Every commit is a data point. MSR treats version history as a rich dataset for training AI models — commit messages become natural language labels, diffs become input features, and branches capture development workflows.

Rule-Based vs. Data-Driven Approaches

Not all AI systems learn from data. Some encode expert knowledge directly as hand-crafted rules — IF/THEN patterns created by domain experts. These rule-based systems require no training data but are brittle, fail on edge cases, and are hard to scale.

Modern software engineering automation has moved decisively toward data-driven approaches, particularly deep learning. These models learn patterns automatically from large datasets, generalize to unseen examples, and improve with more data. The trade-off: they require vast amounts of high-quality training data.

Deep learning models are highly dependent on data. They require vast amounts of data to effectively learn and generalize. This is why mining software repositories — the systematic collection and preparation of code data — is the essential first step in the AI4SE pipeline.

Why So Much Data?

Deep learning models are fundamentally statistical pattern matchers. They learn by observing millions of examples and discovering regularities — correlations between inputs and outputs that generalize to unseen data. The more complex the task, the more examples the model needs to learn robust patterns rather than memorizing surface-level noise.

Consider an analogy from computer vision: a model trained to classify cat breeds needs millions of labeled photographs to distinguish a Maine Coon from a Norwegian Forest Cat.
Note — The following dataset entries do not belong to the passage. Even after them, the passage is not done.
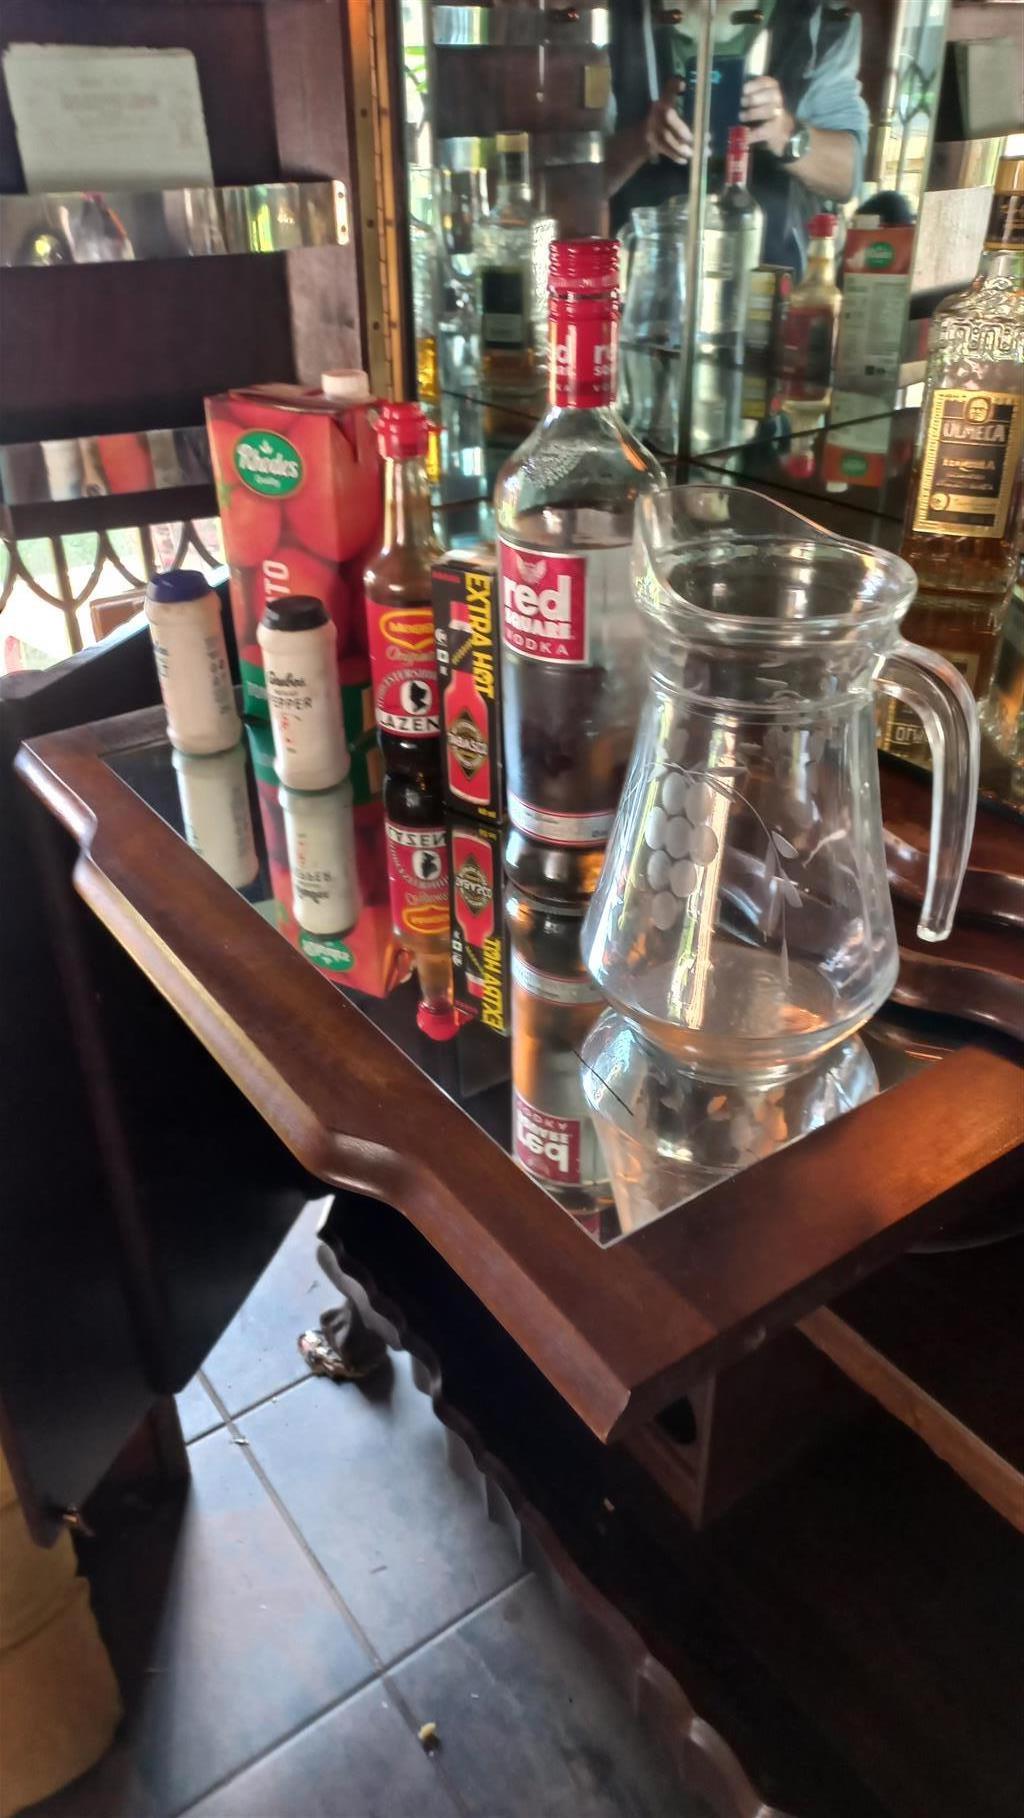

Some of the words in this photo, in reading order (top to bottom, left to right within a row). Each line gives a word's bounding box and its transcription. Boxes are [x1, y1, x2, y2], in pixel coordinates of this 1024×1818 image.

[236, 443, 299, 479] Rhodes
[465, 571, 493, 647] EXTRA
[503, 574, 572, 624] red
[506, 628, 569, 656] VODKA
[472, 650, 496, 701] HOT
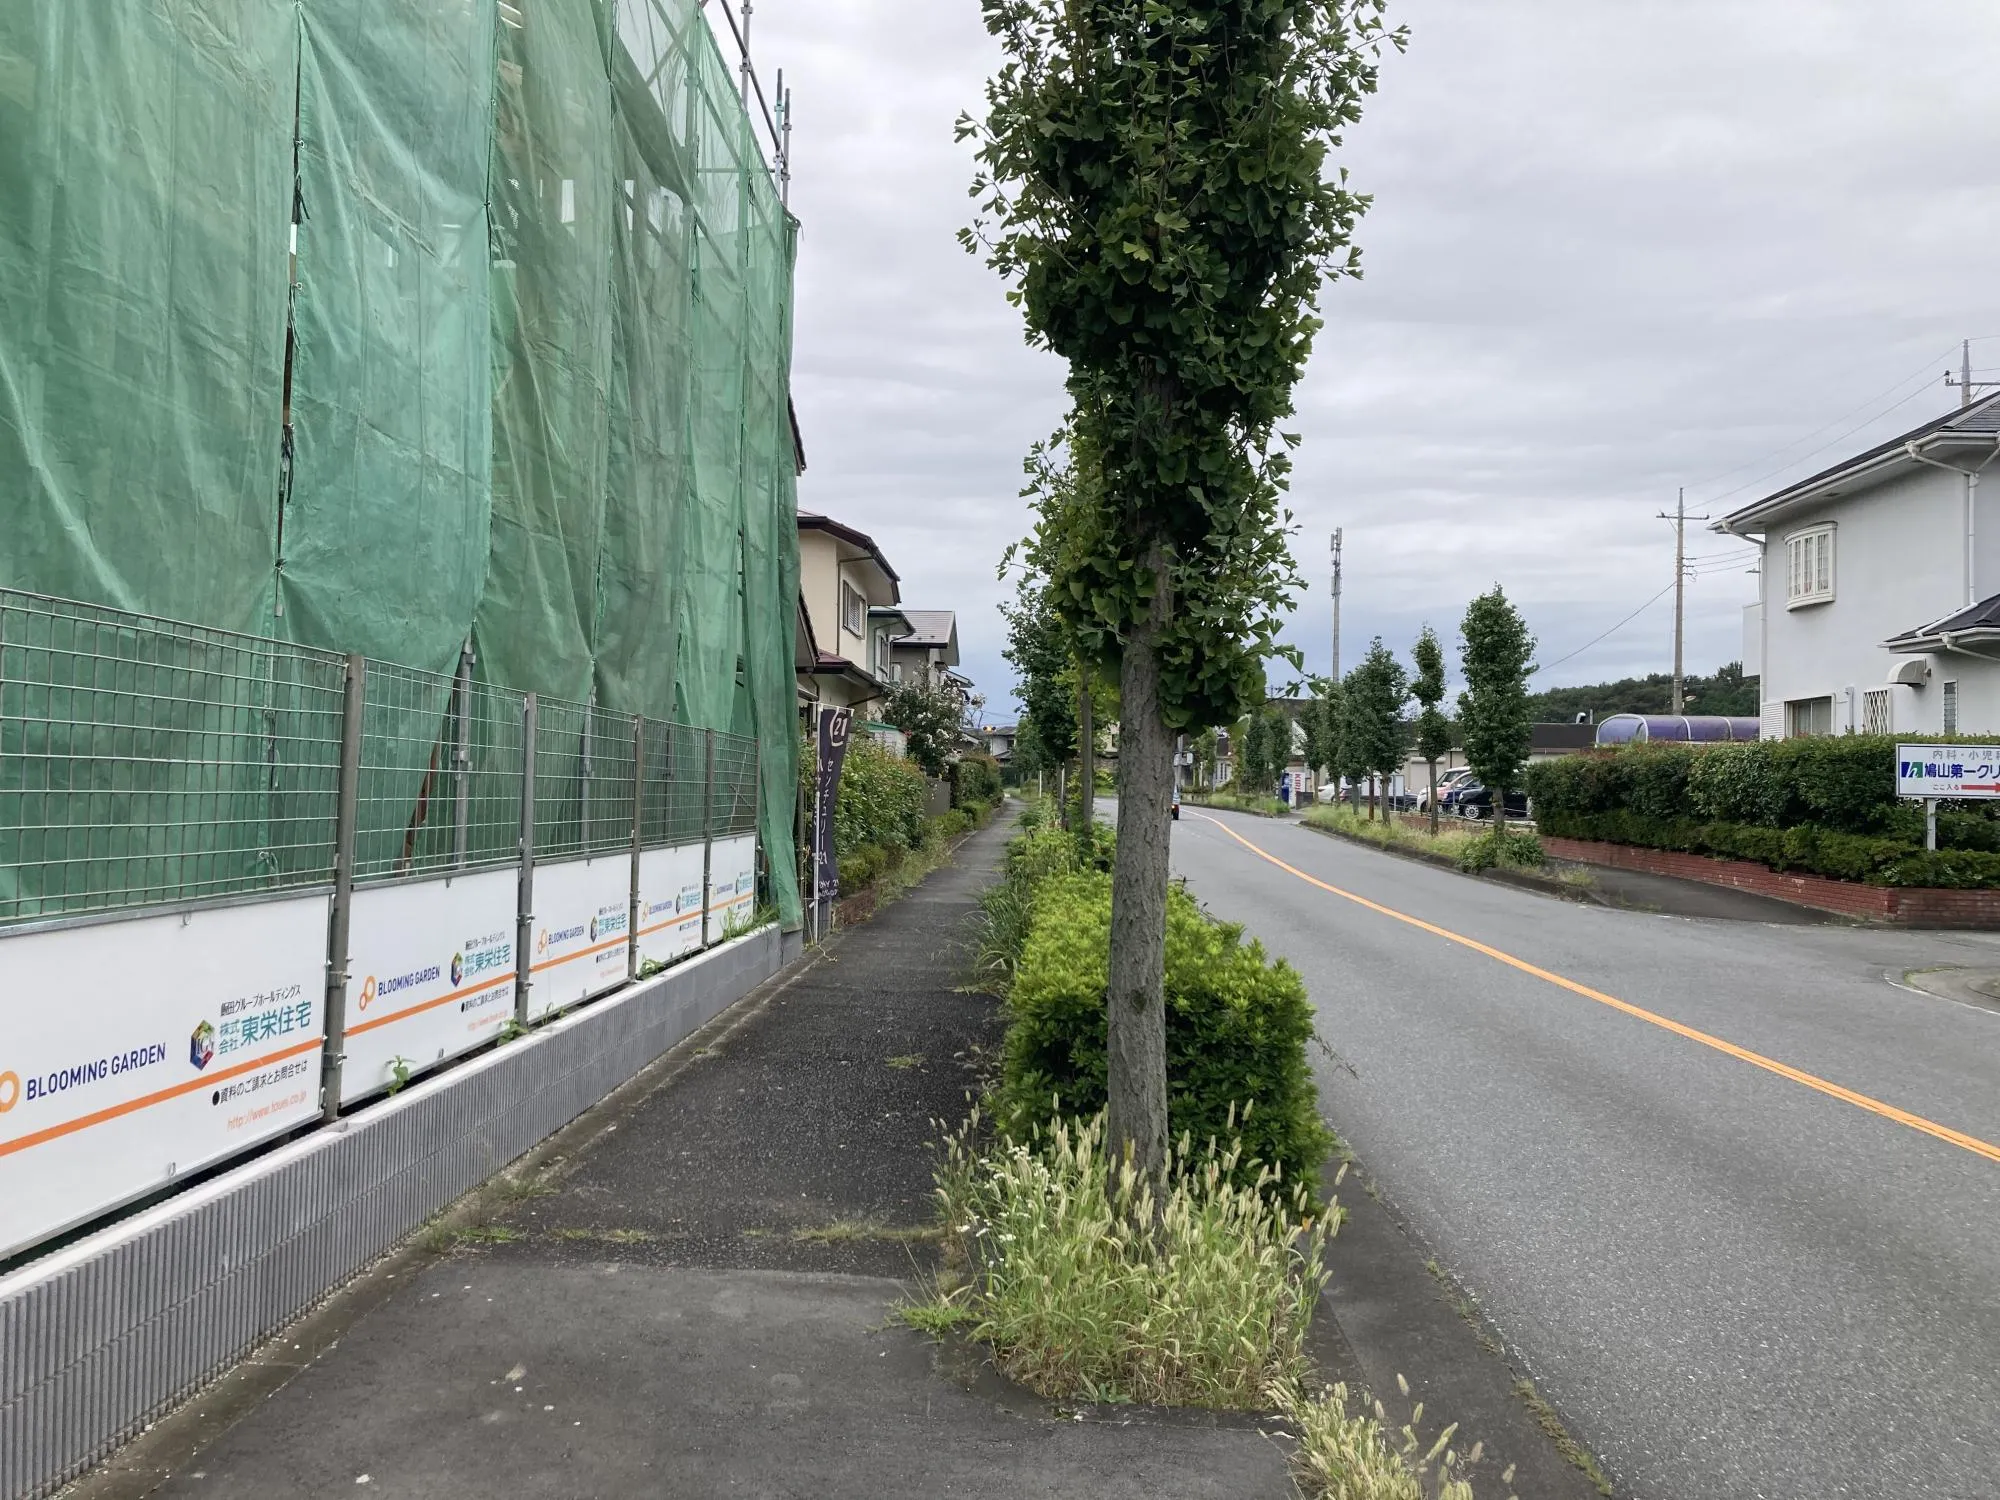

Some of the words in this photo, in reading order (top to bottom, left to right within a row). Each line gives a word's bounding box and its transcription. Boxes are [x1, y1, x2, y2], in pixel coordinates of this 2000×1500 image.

[1933, 783, 1959, 791] ここ入る
[548, 929, 569, 945] BLOOMING
[569, 925, 585, 939] GARDEN
[378, 975, 414, 996] BLOOMING
[415, 965, 441, 984] GARDEN
[241, 1000, 312, 1047] 東栄住宅
[26, 1059, 108, 1101] BLOOMING
[111, 1042, 166, 1075] GARDEN
With only a few hundred images, it might latch onto background color or image resolution instead of actual feline features. The same principle applies to code. A model that learns to summarize Java methods needs millions of method–summary pairs to understand that return a + b; is an addition regardless of whether the variables are named x and y, left and right, or salary and bonus.

What Do We Mine?

Software repositories are uniquely rich because they contain both source code and natural language, tightly interleaved:

  • Source code — method bodies, class definitions, configuration files
  • Comments & documentation — Javadoc, docstrings, inline annotations
  • Commit messages — concise descriptions of what changed and why
  • Issue reports & discussions — bug descriptions, feature requests, design debates
  • Code reviews — pull request comments explaining improvements, catching mistakes

Each of these artifacts provides a different view of developer intent. By mining all of them, we can train models that understand not just what code does, but why it was written that way.
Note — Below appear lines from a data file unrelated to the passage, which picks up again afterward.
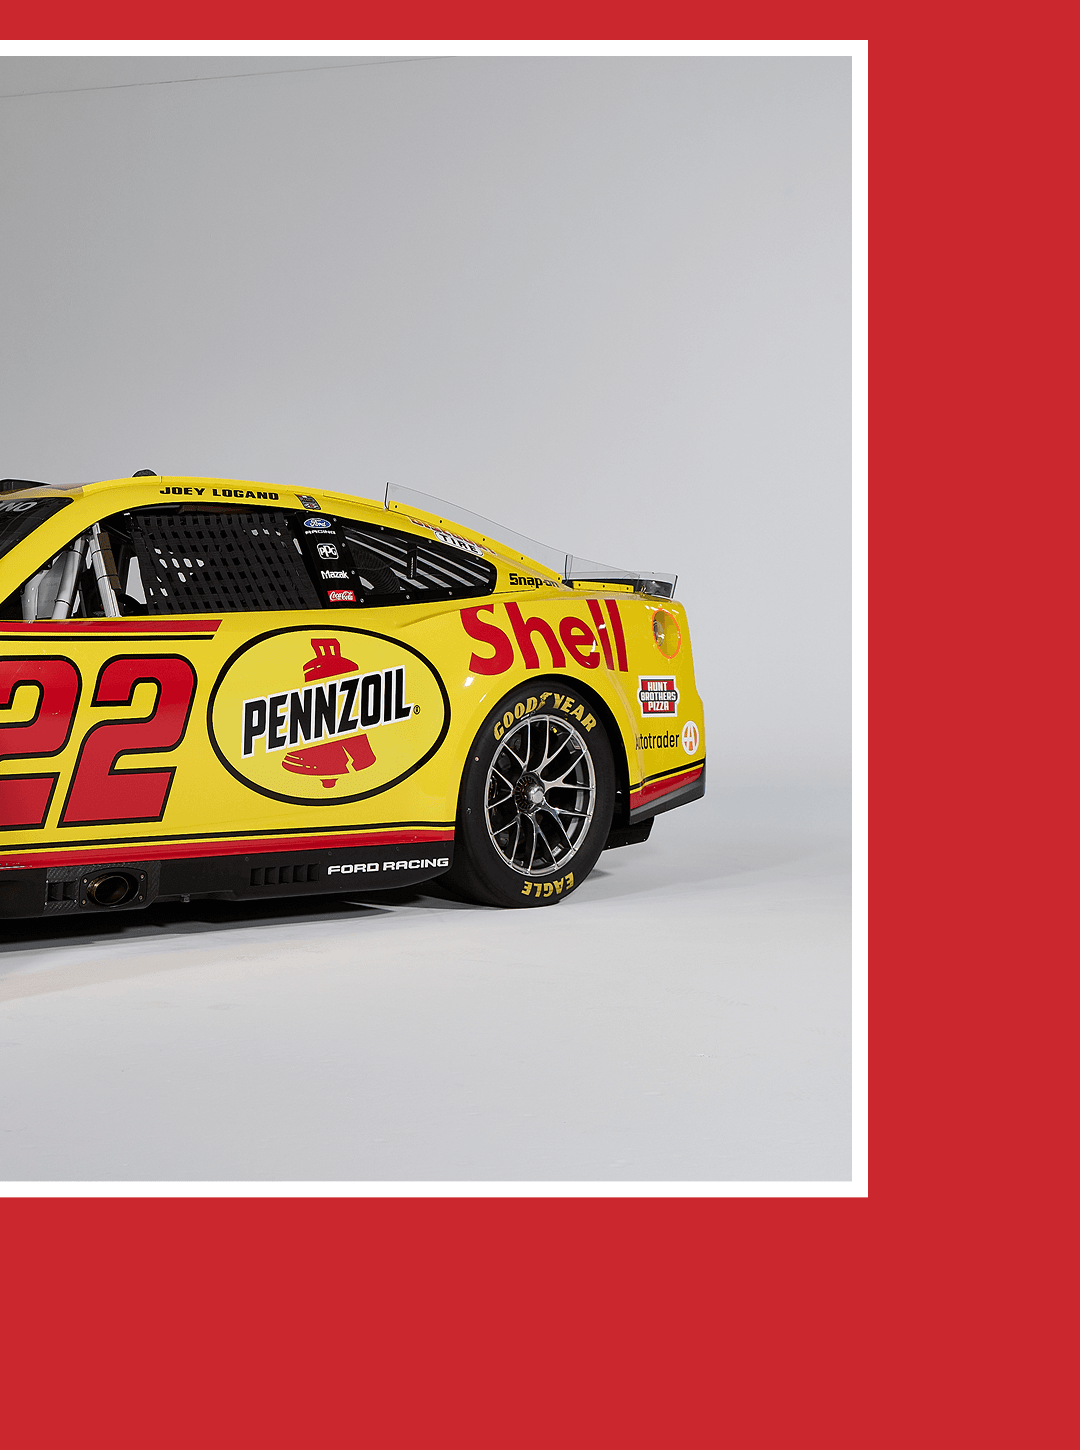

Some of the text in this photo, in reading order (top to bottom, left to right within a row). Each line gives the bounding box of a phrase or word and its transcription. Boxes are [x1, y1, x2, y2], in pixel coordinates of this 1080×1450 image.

[159, 486, 279, 500] JOEY LOGANO
[318, 545, 337, 557] PPG
[321, 570, 349, 579] Mazak
[509, 573, 559, 588] Snap-on
[329, 591, 353, 601] Coca-Cola
[460, 599, 628, 676] Shell
[647, 681, 668, 691] HUNT
[640, 691, 676, 701] BROTHERS
[243, 667, 412, 758] PENNZOIL
[648, 701, 669, 711] PIZZA
[328, 857, 449, 876] FORD RACING
[522, 871, 575, 898] EAGLE
Scale enables generalization. GitHub Copilot, one of the most visible applications of mined code data, was trained on billions of lines of public source code. This massive scale is what allows it to suggest contextually relevant completions across dozens of languages and frameworks — it has seen enough patterns to generalize beyond any single project or coding style.

Building a Dataset: Selecting Repositories

Garbage in, garbage out. A model trained on low-quality data will produce low-quality predictions. Data curation is arguably the most important — and most underappreciated — step in the ML pipeline.

Repository selection uses quality proxies to filter the hundreds of millions of public repos down to a manageable, high-quality subset:

  • Minimum stars — popularity as a quality signal
  • Active maintenance — recent commits indicate a living project
  • Non-fork status — avoid counting duplicated repositories
  • Proper licensing — ensure legal use for training
  • Meaningful commit history — enough data to be useful

Tools for Mining at Scale

Specialized APIs and search platforms make large-scale dataset construction possible: the GitHub REST & GraphQL API (rate-limited, 5,000 req/hour with auth), SEART-GHS (a search engine for GitHub repos with advanced filtering), and libraries like PyGitHub (Python), Octokit (JS), and go-github (Go).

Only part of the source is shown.